Dataset:
┄┄┄┄┄┄┄┄┄┄
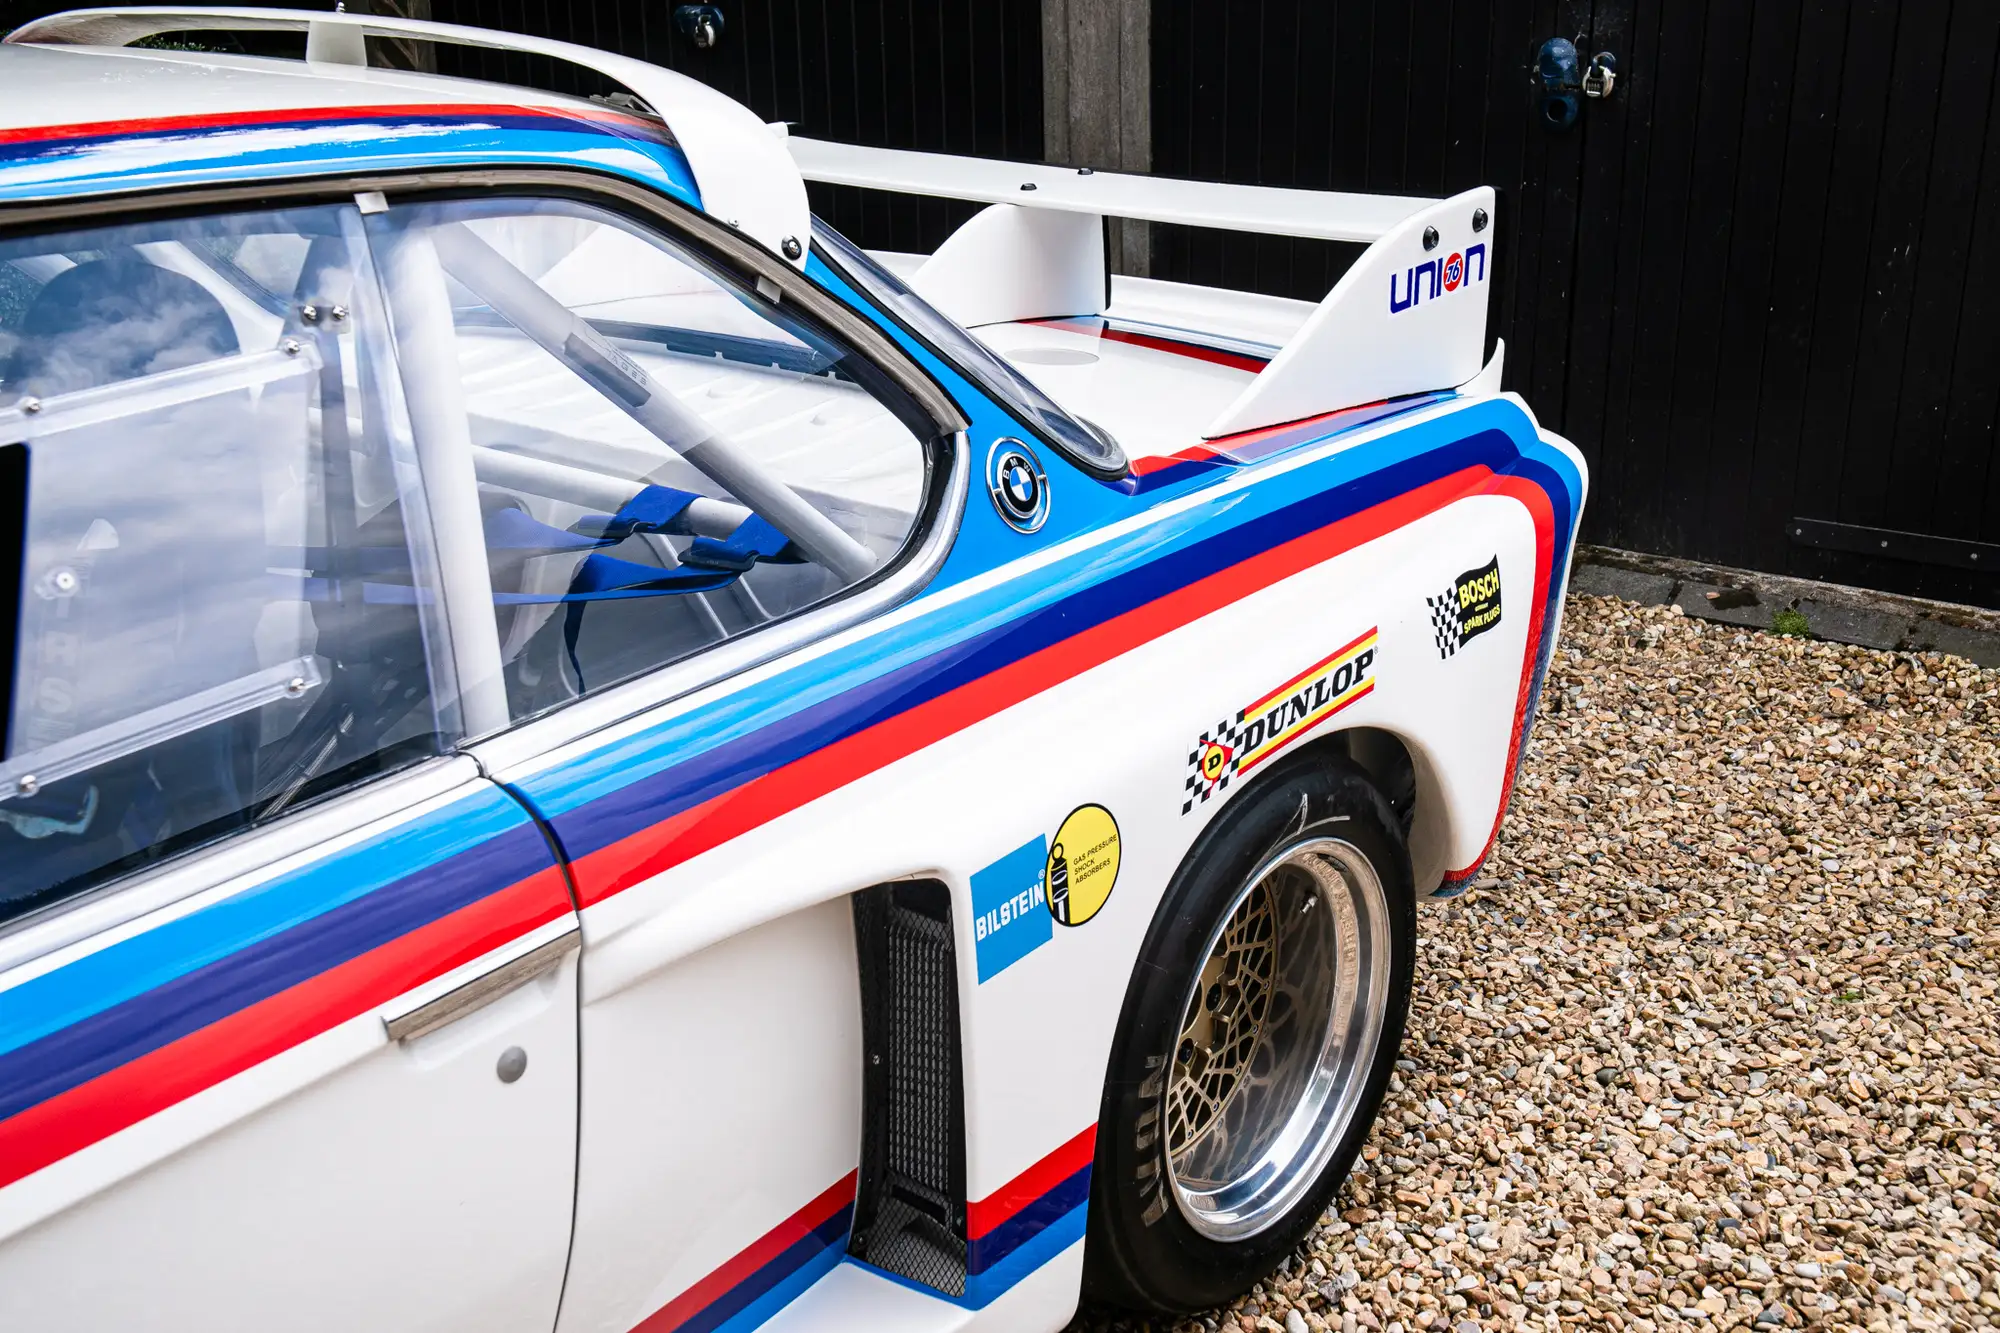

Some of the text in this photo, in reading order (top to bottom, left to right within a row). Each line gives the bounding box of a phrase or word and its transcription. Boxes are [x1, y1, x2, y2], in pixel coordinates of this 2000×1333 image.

[1445, 259, 1461, 285] 76
[1003, 457, 1031, 480] BMW
[1458, 567, 1499, 609] BOSCH
[1464, 614, 1483, 635] SPARK
[1483, 603, 1501, 625] PLUGS
[1240, 647, 1374, 756] DUNLOP
[1207, 753, 1222, 772] D
[1073, 834, 1118, 866] GAS PRESSURE
[1074, 857, 1096, 876] SHOCK
[1075, 857, 1112, 884] ABSORBERS
[975, 880, 1046, 942] BILSTEIN
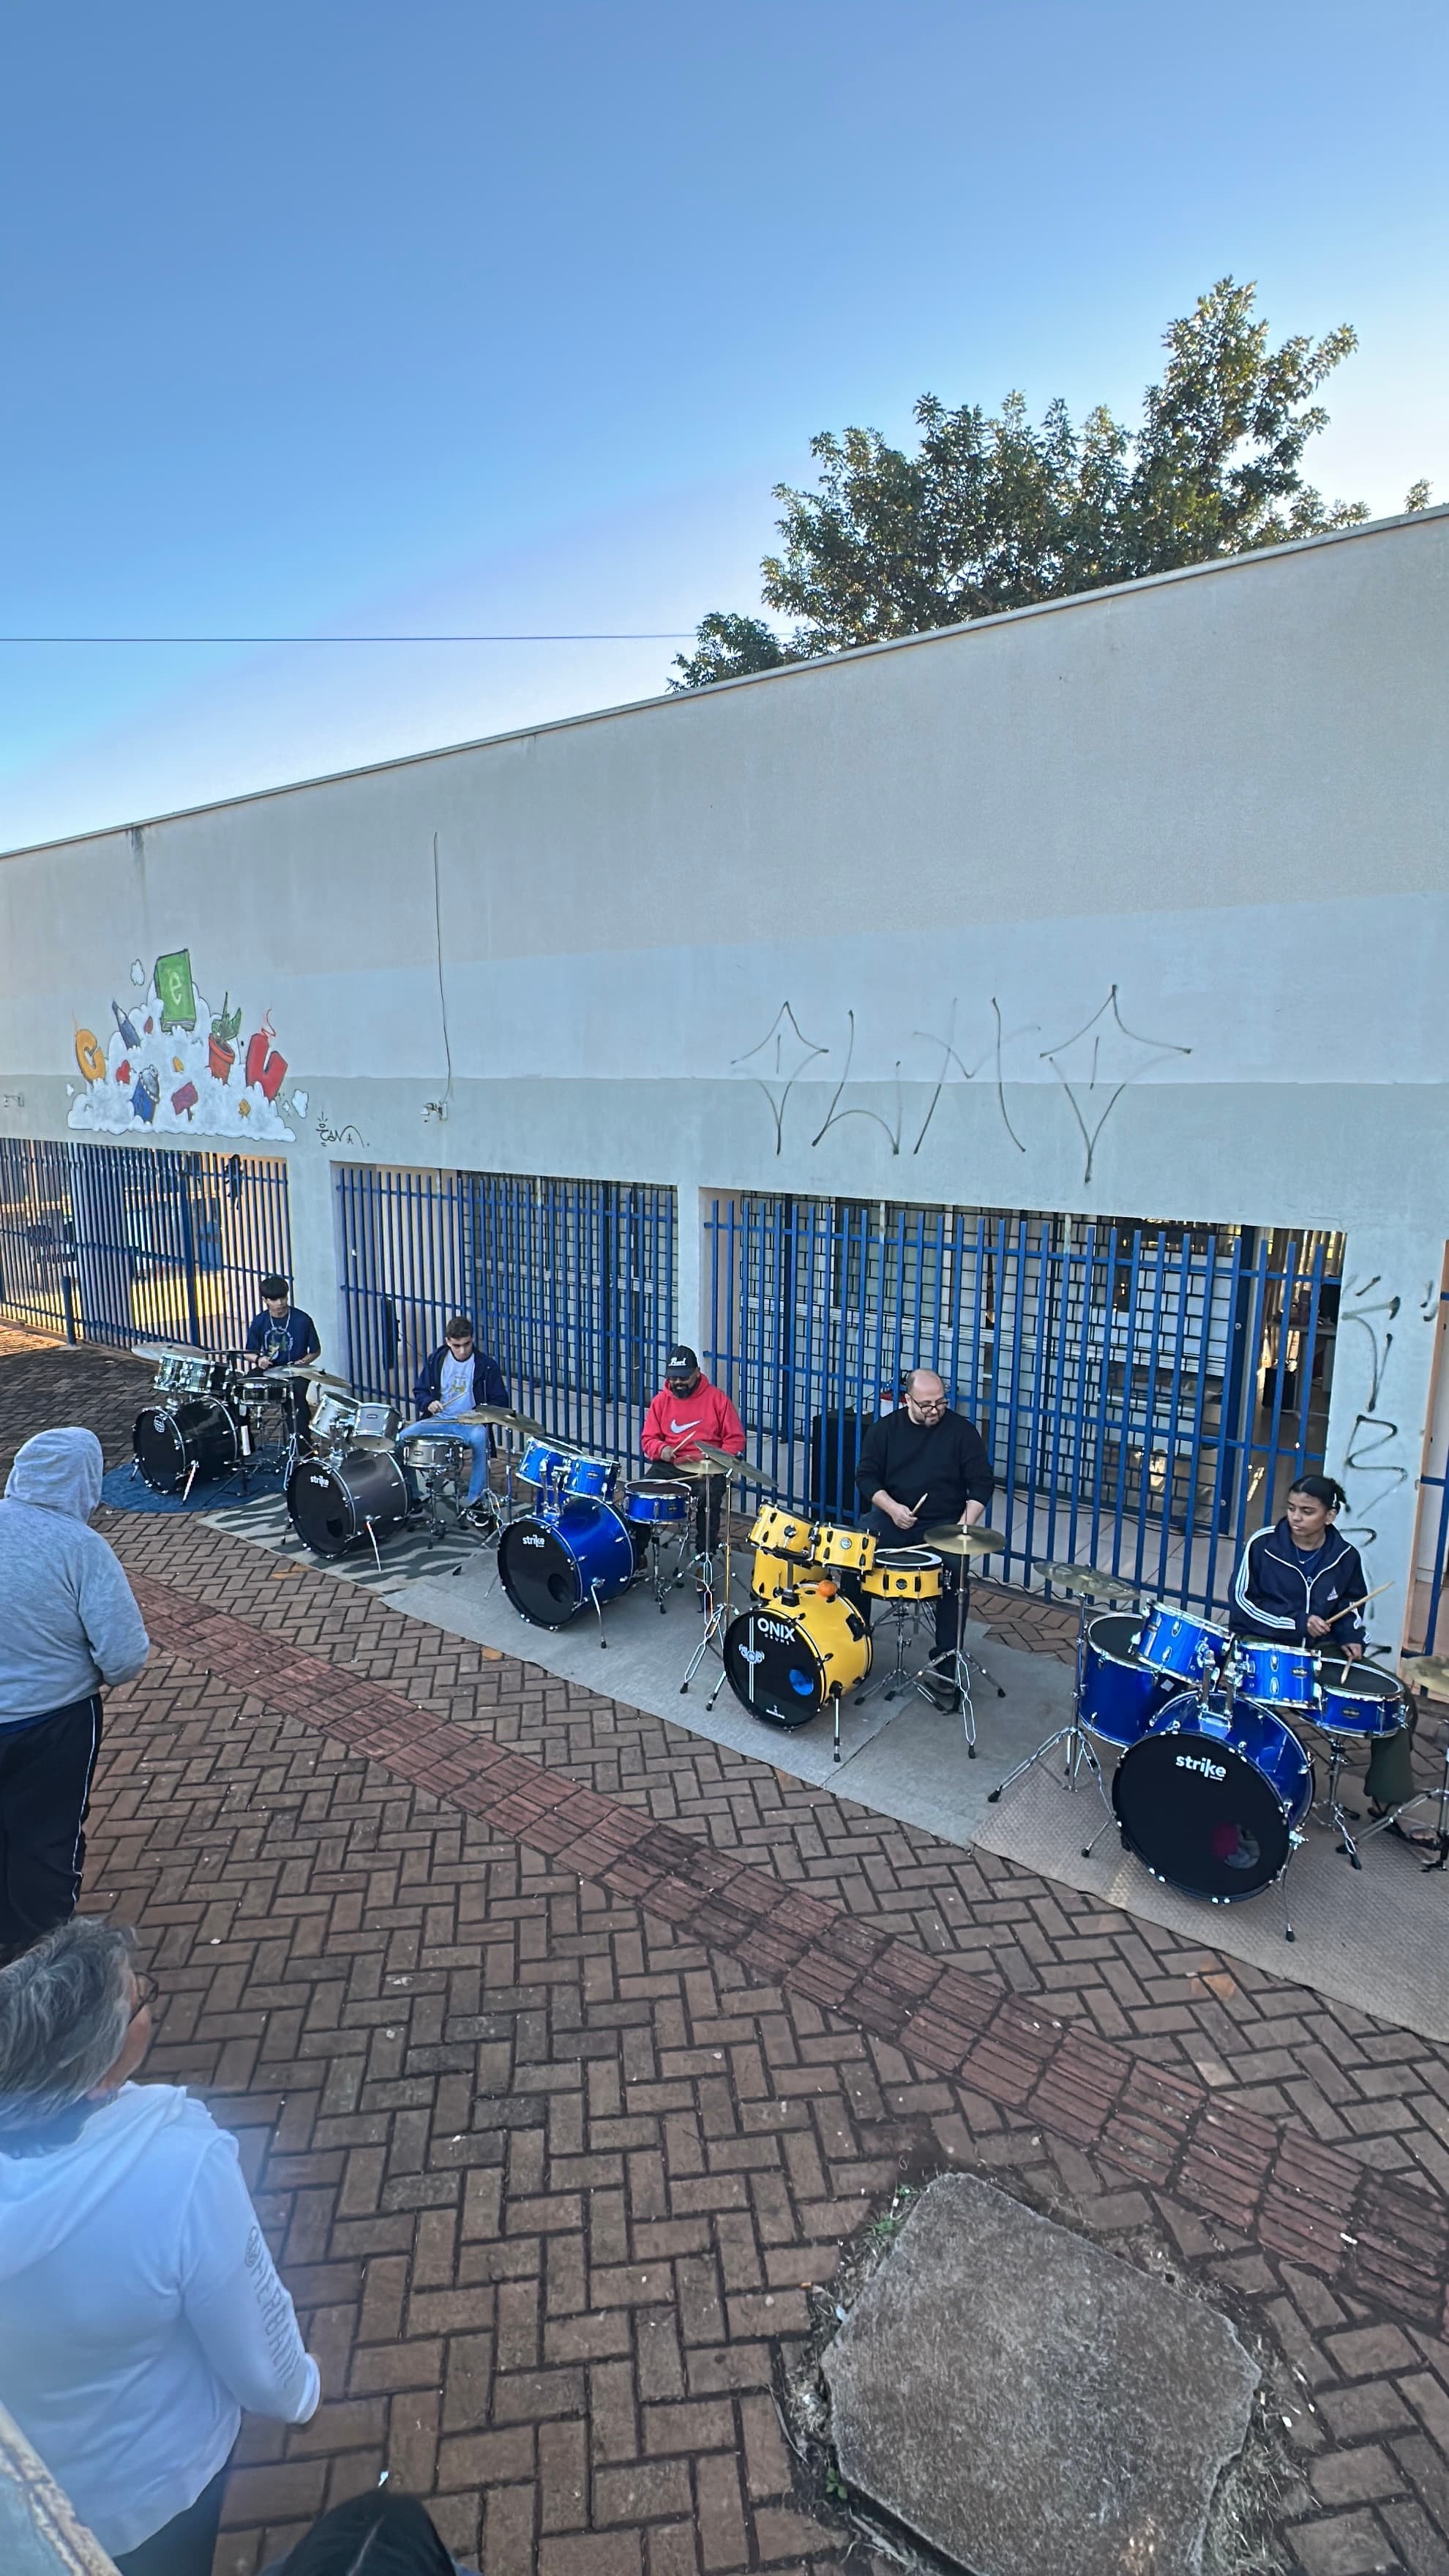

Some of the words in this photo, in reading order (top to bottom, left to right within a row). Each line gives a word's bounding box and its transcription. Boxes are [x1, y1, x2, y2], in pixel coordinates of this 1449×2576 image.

[522, 1534, 545, 1548] strike
[757, 1617, 795, 1642] ONIX
[1175, 1756, 1227, 1778] strike
┄┄┄┄┄┄┄┄┄┄
Required action:
Which lines run from the one containing "Some of the words" to the end of the entries above? Print them exactly, both ends included, and nothing else.

Result for this exercise:
Some of the words in this photo, in reading order (top to bottom, left to right within a row). Each line gives a word's bounding box and its transcription. Boxes are [x1, y1, x2, y2], in pixel coordinates of this 1449×2576 image.

[522, 1534, 545, 1548] strike
[757, 1617, 795, 1642] ONIX
[1175, 1756, 1227, 1778] strike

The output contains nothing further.